Statistics from Altmetric.com
Self-reported body mass index (BMI) can substantially understate true BMI.
Conventional BMI thresholds for obesity may need to be adjusted downwards in order to obtain a more accurate profile of obesity from self-reported BMI data.
This article demonstrates different options for this adjustment.
Use of the Youden's J for downward adjustment involves an implicit weighting of the relative costs of false-positive and false-negative misclassification.
It is preferable for analysts to explicitly incorporate weighting of different costs. Depending on the approach, the downward adjustment required may be up to 4 units.
Strengths and limitations of this study
This article provides a clear analysis of criteria which can be used to adjust BMI thresholds when using self-reported data.
The approach adopted here can be applied to other datasets.
The article also shows how these adjustments may differ by age and gender.
The results may be specific to the time and place, Ireland in 2006.
Thus, while the approach is general, the specific adjustments adopted here may not be.
When analysing large scale, nationally representative datasets, obesity is typically measured via body mass index (BMI), weight (in kilos) divided by height (in metres) squared. The WHO suggests a threshold BMI of 25 for ‘overweight’, a threshold of 30 for ‘obesity’ and a threshold of 40 for ‘severely obese’.
BMI has been criticised as a measure of obesity with some authors suggesting that other measures such as total body fat, percentage body fat and waist circumference are superior measures of fatness.1 However, while these measures may provide a more accurate indicator of obesity, they are expensive to produce, and in terms of large-scale nationally representative datasets, the likelihood is that BMI will remain the most commonly used indicator of obesity for the foreseeable future.
However, there is a further measurement issue with BMI as it is frequently reported in large-scale nationally representative datasets. Once again, for reasons of economy, it is typically the case that BMI is calculated from self-reported height and weight. This clearly gives rise to a scope for misreporting (compared with true measured height and weight). If misreporting was random (people being as likely to over and under-report their height/weight) then reported mean BMI would still be unbiased, but reported variance would be higher than ‘true’ variance. However, if misreporting is systematic, then this represents a more serious problem, since it suggests that mean BMI as calculated from national samples may be biased, and further problems emerge if the degree of bias differs across categories such as age, gender and socioeconomic background.

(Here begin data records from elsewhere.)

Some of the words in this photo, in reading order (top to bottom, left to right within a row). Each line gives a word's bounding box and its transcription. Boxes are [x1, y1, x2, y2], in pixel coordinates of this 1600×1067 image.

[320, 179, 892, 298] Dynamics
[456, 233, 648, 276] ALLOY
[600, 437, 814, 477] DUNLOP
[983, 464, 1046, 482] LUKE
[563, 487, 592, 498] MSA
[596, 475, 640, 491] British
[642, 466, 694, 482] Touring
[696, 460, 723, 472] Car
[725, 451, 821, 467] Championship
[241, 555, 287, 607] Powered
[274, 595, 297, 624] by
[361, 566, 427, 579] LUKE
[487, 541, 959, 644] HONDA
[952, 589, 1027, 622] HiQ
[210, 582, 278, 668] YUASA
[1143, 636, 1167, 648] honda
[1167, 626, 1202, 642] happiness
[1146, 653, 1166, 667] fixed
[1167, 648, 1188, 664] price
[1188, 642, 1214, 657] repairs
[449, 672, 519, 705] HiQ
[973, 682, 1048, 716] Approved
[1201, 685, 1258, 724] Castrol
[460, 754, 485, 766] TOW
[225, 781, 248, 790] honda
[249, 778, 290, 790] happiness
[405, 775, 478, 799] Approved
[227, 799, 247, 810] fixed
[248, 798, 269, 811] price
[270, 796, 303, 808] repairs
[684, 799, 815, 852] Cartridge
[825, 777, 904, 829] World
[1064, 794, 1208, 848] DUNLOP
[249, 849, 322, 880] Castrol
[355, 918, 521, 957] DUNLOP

Evidence worldwide suggests that misreporting in self-reported BMI is not random and that through a combination of over-statement of height and under-statement of weight, self-reported BMI will typically underestimate ‘true’ (or measured) BMI.2 The issue has also been analysed for Ireland showing that the degree of misreporting appears to be increasing over time.3
Analysis of Swiss data with self-reported and clinically measured BMI finds evidence that self-reported BMI understates obesity levels.4 Using receiver operating characteristic (ROC) curves, the threshold level of self-reported BMI is adjusted for it to provide the ‘optimal’ signal of true underlying BMI. However, the revised thresholds have been criticised on the basis that they are relevant only for this specific dataset, and for other datasets, different thresholds may be optimal.5 ,6
This paper further examines the relationship between self-reported and measured BMI and the nature of the optimal threshold adjustment. However, the paper employs a wider range of approaches to calculate the ‘optimal’ threshold and shows how calculated thresholds can vary quite substantially depending on the approach adopted. In particular, some of the more popular approaches may lead to analysts unconsciously making value judgements regarding the relative costs of different types of misclassification. The paper also examines whether the optimally calculated threshold differs according to characteristics such as age and gender.

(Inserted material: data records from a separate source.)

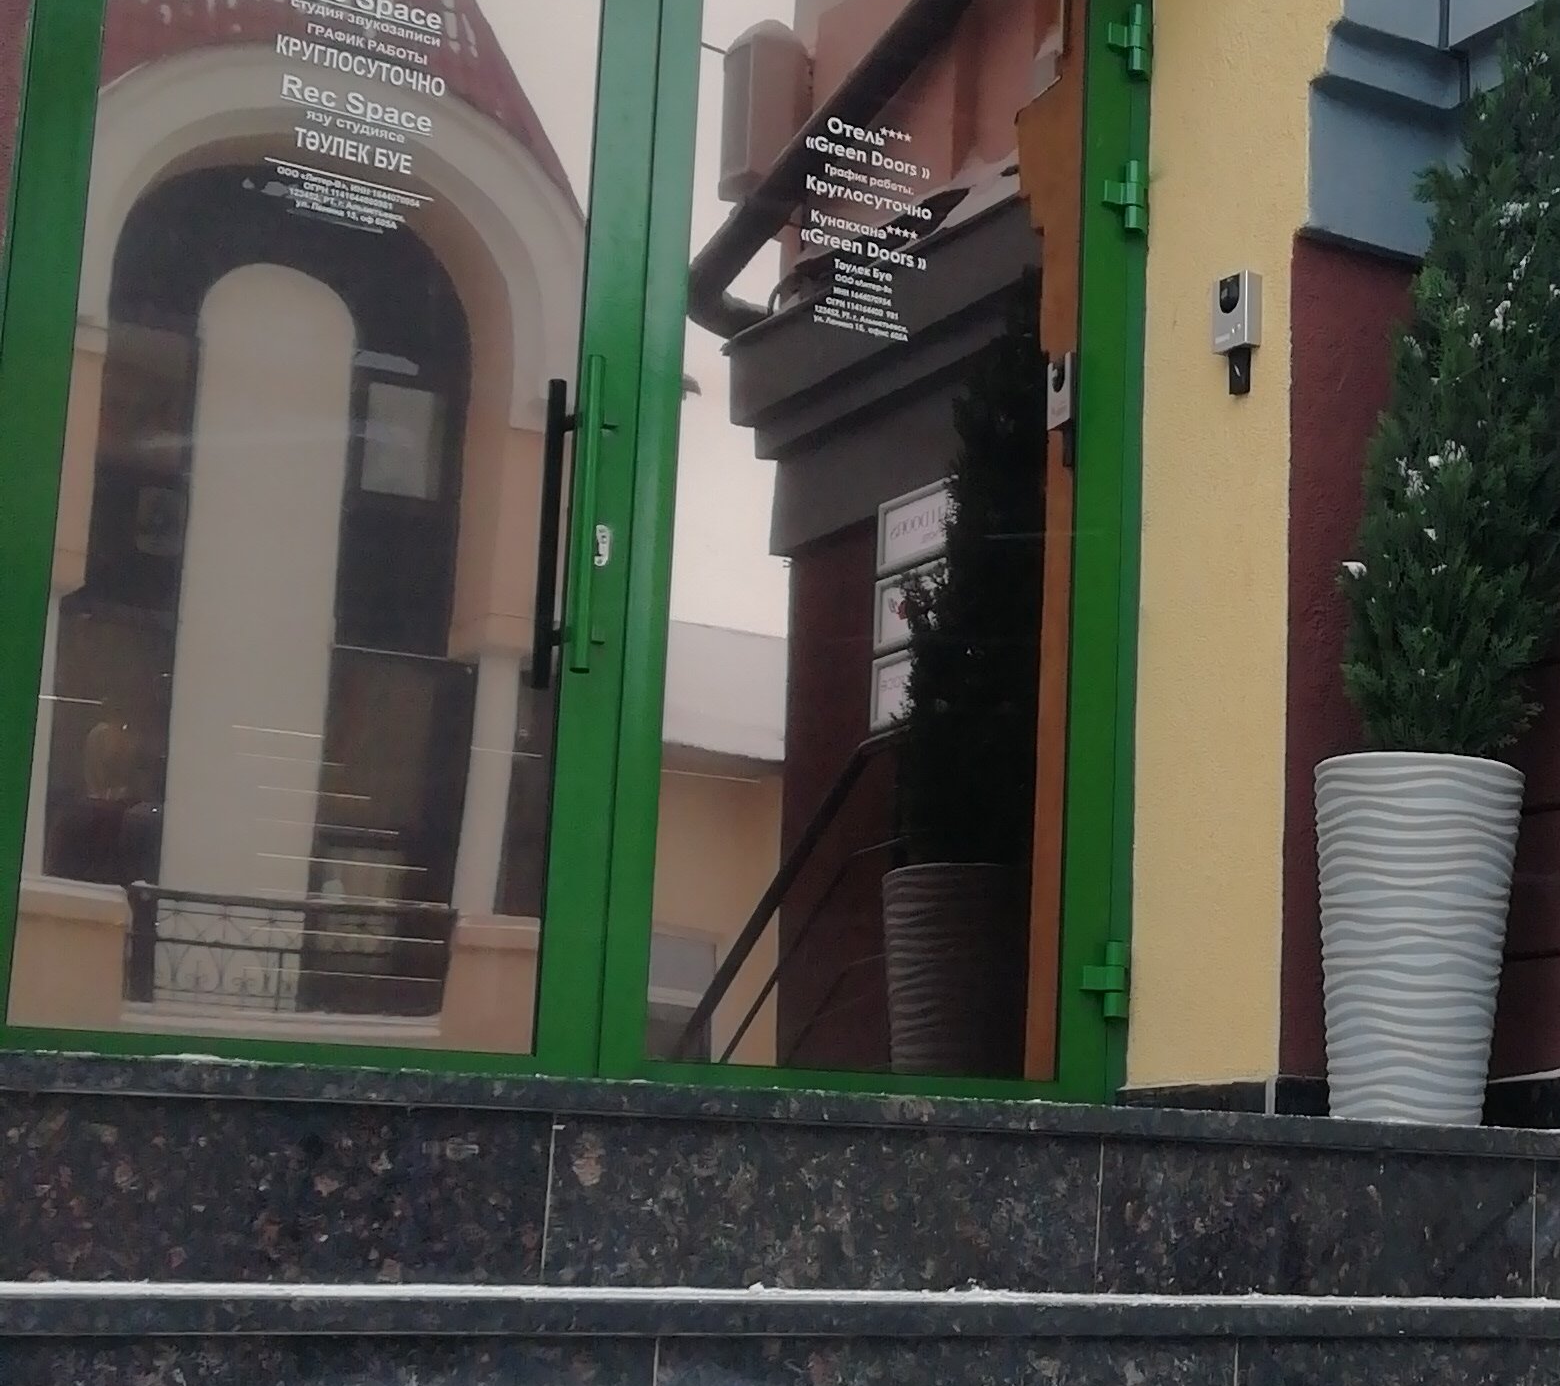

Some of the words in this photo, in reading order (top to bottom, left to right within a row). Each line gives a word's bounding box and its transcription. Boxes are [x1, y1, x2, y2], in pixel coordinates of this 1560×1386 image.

[306, 22, 367, 47] ГРАФИК
[367, 39, 428, 66] РАБОТЫ
[346, 14, 442, 48] звукозаписи
[275, 33, 446, 97] КРУГЛОСУТОЧНО
[281, 73, 337, 108] Rec
[345, 91, 433, 132] Space
[306, 111, 332, 127] язу
[294, 126, 372, 165] ТӘУЛЕК
[373, 147, 413, 175] БУЕ
[827, 116, 885, 147] Отель
[276, 165, 300, 179] ООО
[824, 162, 868, 183] График
[805, 174, 933, 220] Круглосуточно

Our data come from the Survey of Lifestyle, Attitudes and Nutrition in Ireland, usually known as the Slan survey. The Slan surveys were carried out in 1998, 2002 and 2007. For this paper, we use the 2007 data, since as well as providing information on self-reported BMI it also provides information on clinically measured BMI for a reasonable-sized subset of the sample (data on measured BMI were also provided for 1998 and 2002 Slan, but proportionally these subsamples were only half as large as that for 2007). The Slan 2007 survey is a comprehensive, nationally representative survey carried out by face-to-face interview in the respondent's house with a sample size of 10 364. The 2007 sample was provided by the Irish Social Science Data Archive (ISSDA) with the Geodirectory (a listing of all residential addresses in Ireland compiled by the postal service) used as the sampling frame and weights supplied with the data (in all subsequent analysis sampling weights are applied). In addition to the main study, there were two substudies conducted. The first was a subsample of 967 individuals aged 18–44 who had their body height and weight measured. In addition, there was subsample of 1207 respondents aged 45 and over who took part in a more complete physical examination. The subsamples were representative of the main sample for their age groups and it is this combined group of 2174 individuals which forms the group from which our eventual sample is obtained as explained below (figures 1⇓⇓⇓⇓⇓⇓⇓–9).7
In the application here, measured BMI is taken as the ‘true’ or gold standard measure of obesity and a threshold of 30 for this measure partitions the population into the binary categories of obese and non-obese. We then assess the degree to which self-reported BMI (the ‘marker’) produces the ‘same’ partition. If self-reported BMI assigns someone as obese who is also obese under the measured BMI definition, then this is a true positive (TP). If it signals someone as obese who is not obese under the measured definition it is a false positive (FP). If it signals someone as non-obese even though they are obese under the measured definition it is a false negative (FN). Finally true negatives (TN) are those who are classified as non-obese under both definitions.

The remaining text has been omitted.